You: "I'd like to look at how you manage change in the organisation. What changes have you made as a business, say, over the last 12 months?" Auditee: "We have made some strategic changes, the main one being that we no longer manufacture our own products in house." You: "That sounds like quite a significant change. What has been the impact of that?" Auditee: "We now mainly sell other manufacturers' products, under their brand names, and have outsourced manufacture of our own brand products to one of our suppliers. Unfortunately, we had to make six members of our staff redundant. This represents about 20% of our workforce, so this has been quite a challenging time." You: "I'm sure. What were the reasons for making the change?" Auditee: "Our manufacturing section was a small operation, and we struggled to cope with fluctuations in demand. During busy periods, we found it hard to meet lead times, and in quiet periods we had staff with little to do. This was having an impact on customer satisfaction and meant we had to charge premium prices that made our product uncompetitive." You: "How did you go about the change?" The auditor asks to speak to the purchasing manager about the selection of the subcontractor to manufacture the company's own brand products.

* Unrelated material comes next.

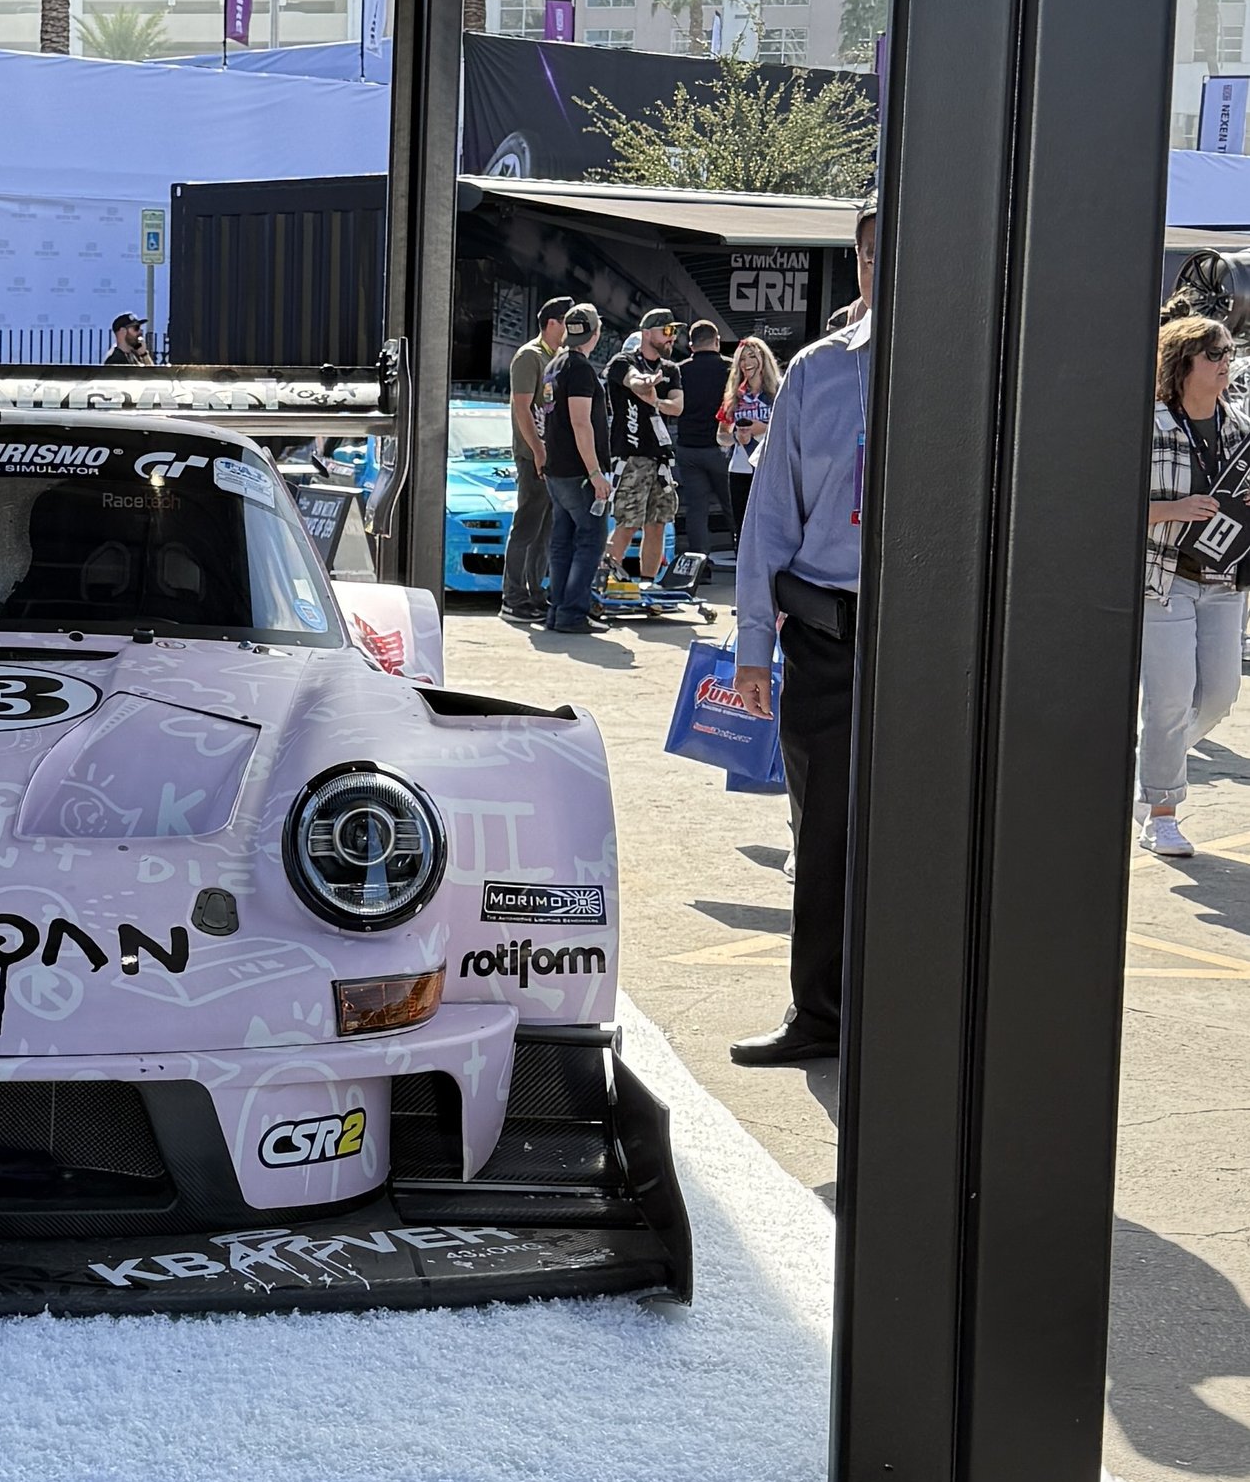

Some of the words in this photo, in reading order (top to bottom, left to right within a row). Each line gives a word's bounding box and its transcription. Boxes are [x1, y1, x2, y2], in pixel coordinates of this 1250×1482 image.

You: "How did you choose a supplier to manufacture your products?"
Auditee: "We have had a long-term relationship with a supplier ABC Ltd - we gave them our design drawings, got them to complete a supplier questionnaire and run a couple of trial batches for us. We were happy with the result and we have used them ever since." ISO 9001:2015, clause 8.4.1 outlines situations when controls need to be applied to externally provided processes, products and services. Which one of the following situations is applicable to this scenario?
- A. Products and services are provided directly to the customer(s) by external providers on behalf of the organisation.
- B. A process or part of a process is provided by an external provider as a result of a decision by the organisation.
- C. Raw materials from external providers are intended for incorporation into the organisation's own products.
- D. Products and services for which the customer(s) supplies materials
Answer: B
Explanation:
According to the ISO 9001:2015 standard, clause 8.4.1 requires organizations to ensure that externally provided processes, products and services conform to requirements. Controls must be applied to externally provided processes, products and services when:
The products and services are intended for incorporation into the organization's own products and services.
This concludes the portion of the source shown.